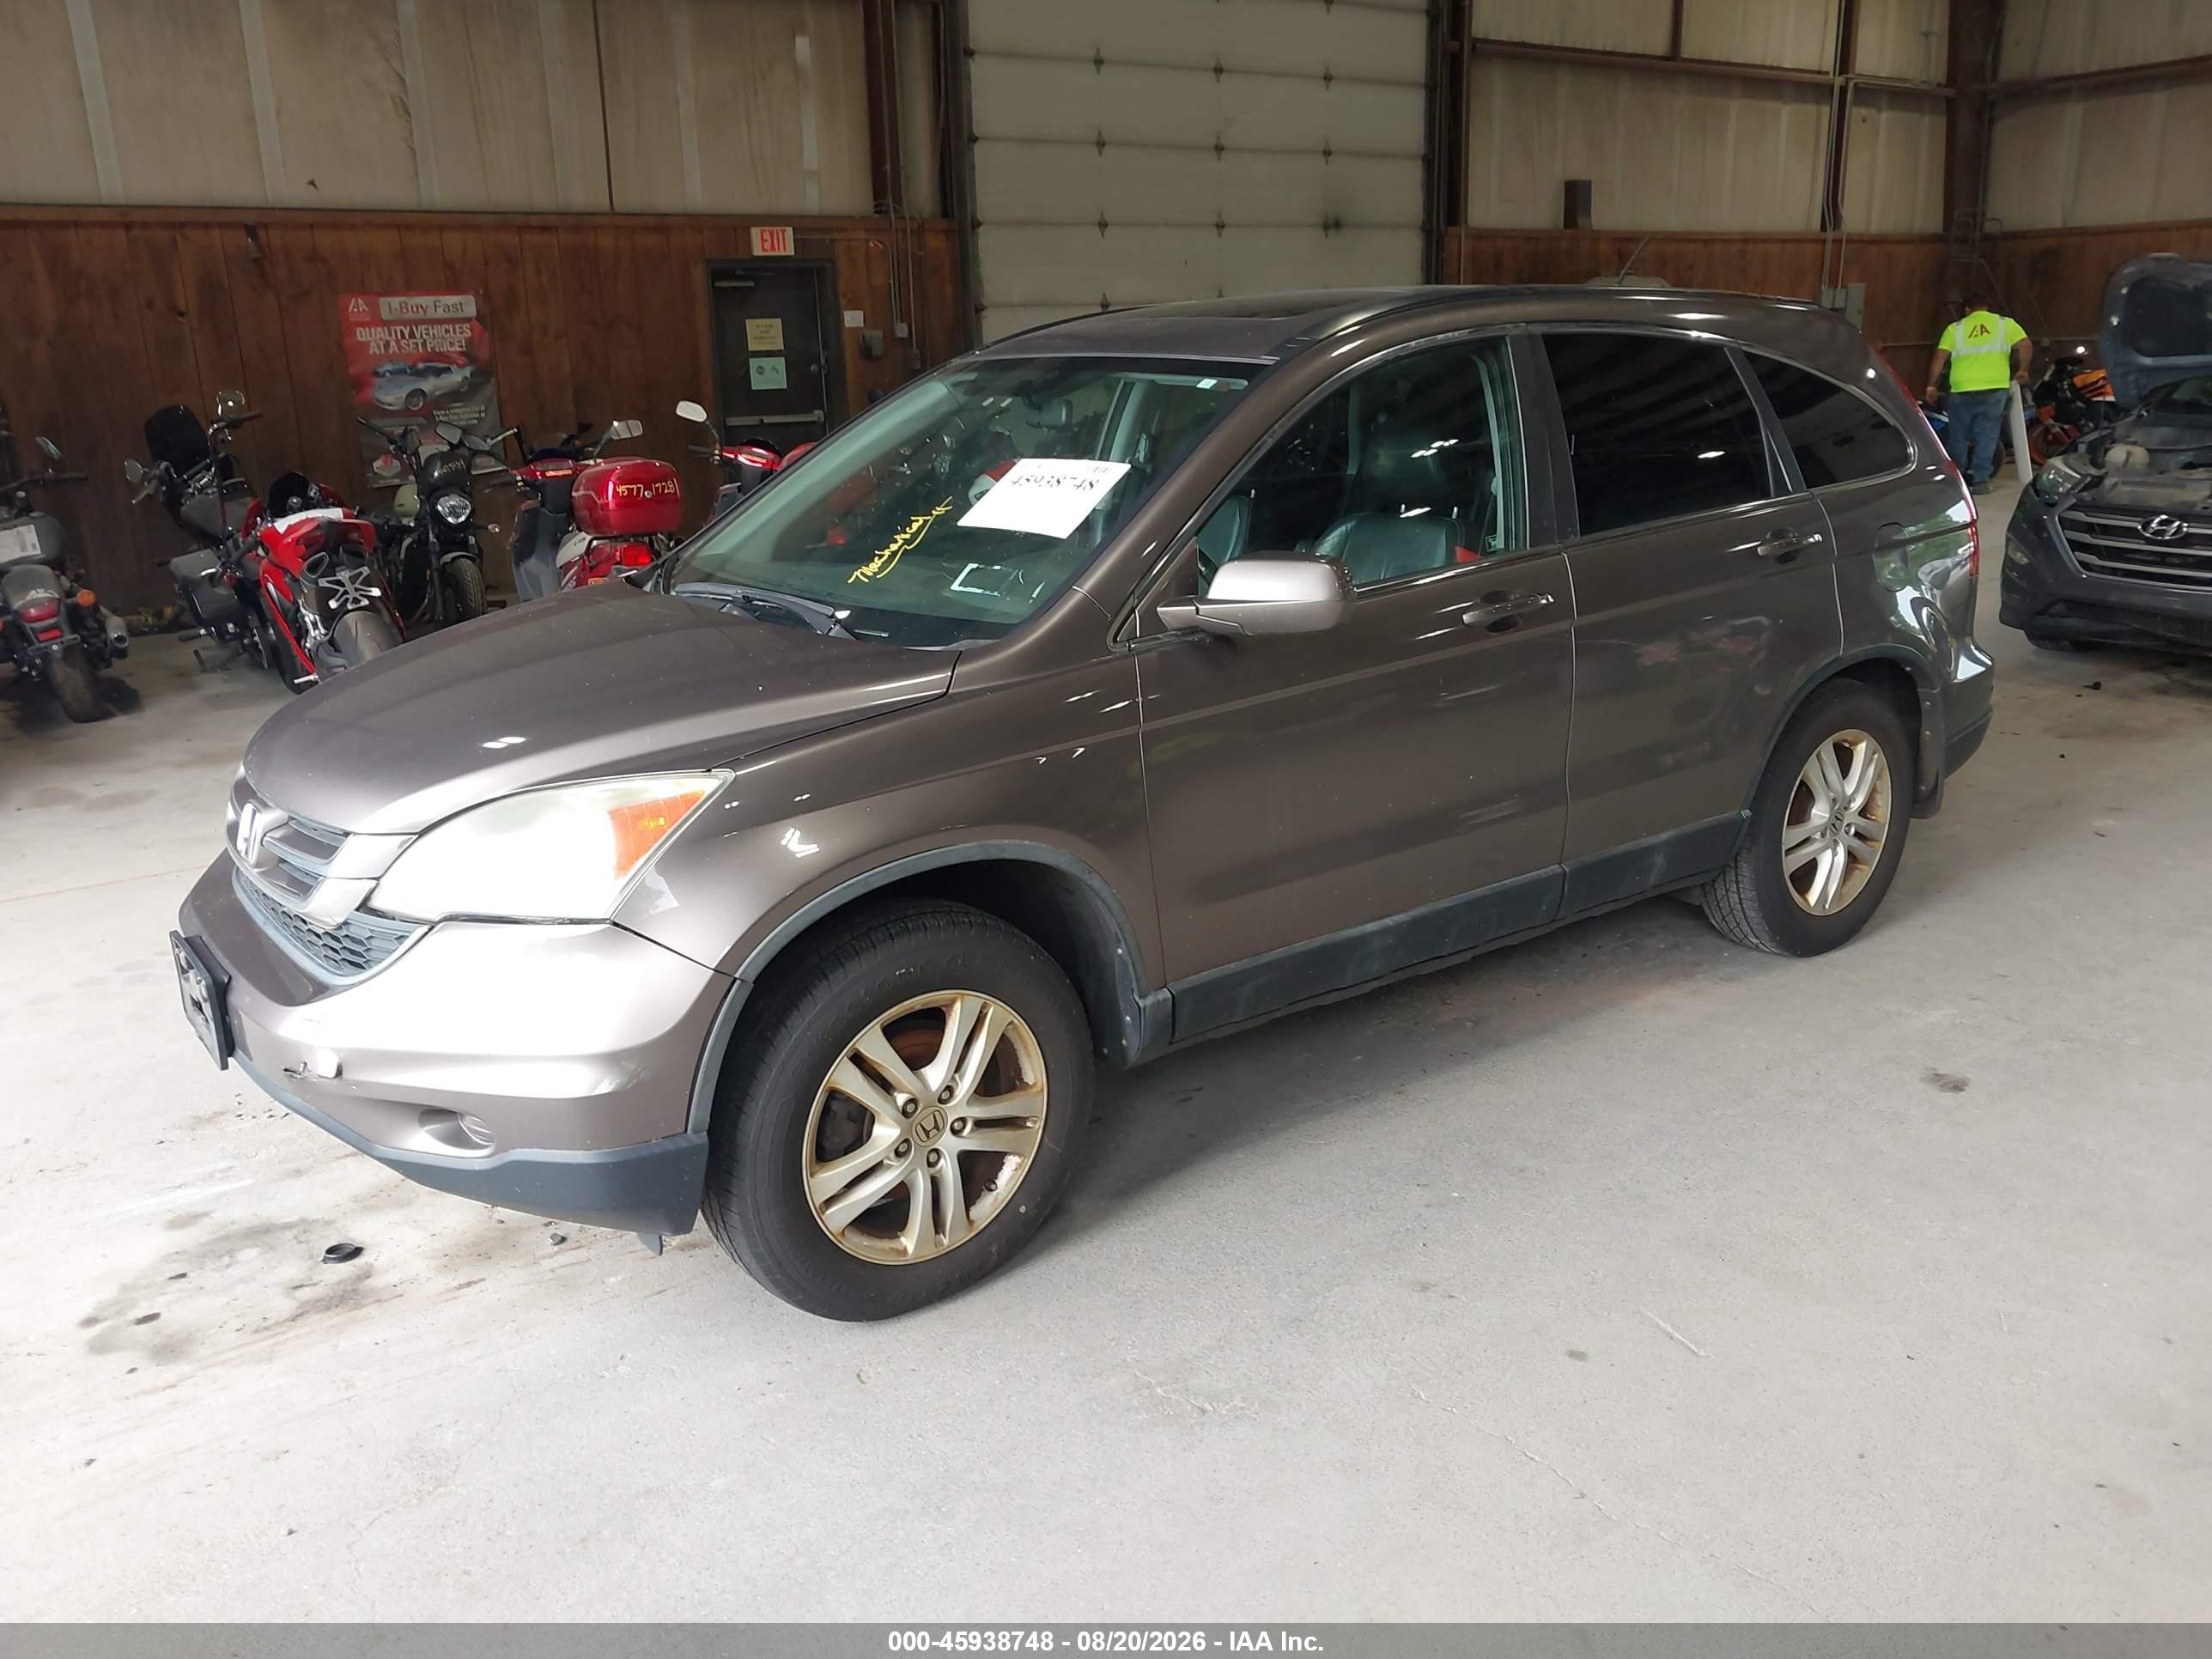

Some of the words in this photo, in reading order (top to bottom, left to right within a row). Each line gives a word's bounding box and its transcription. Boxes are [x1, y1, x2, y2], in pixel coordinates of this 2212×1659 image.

[760, 228, 787, 253] EXIT
[387, 301, 428, 317] I-Buy
[433, 300, 465, 314] Fast
[356, 325, 411, 342] QUALITY
[413, 323, 471, 340] VEHICLES
[369, 339, 386, 355] AT
[388, 339, 399, 354] A
[401, 338, 424, 354] SET
[426, 337, 466, 353] PRICE!

What you will do: Print the records above word for word, omitting any picture they contain.

Exercise solution:
Some of the words in this photo, in reading order (top to bottom, left to right within a row). Each line gives a word's bounding box and its transcription. Boxes are [x1, y1, x2, y2], in pixel coordinates of this 2212×1659 image.

[760, 228, 787, 253] EXIT
[387, 301, 428, 317] I-Buy
[433, 300, 465, 314] Fast
[356, 325, 411, 342] QUALITY
[413, 323, 471, 340] VEHICLES
[369, 339, 386, 355] AT
[388, 339, 399, 354] A
[401, 338, 424, 354] SET
[426, 337, 466, 353] PRICE!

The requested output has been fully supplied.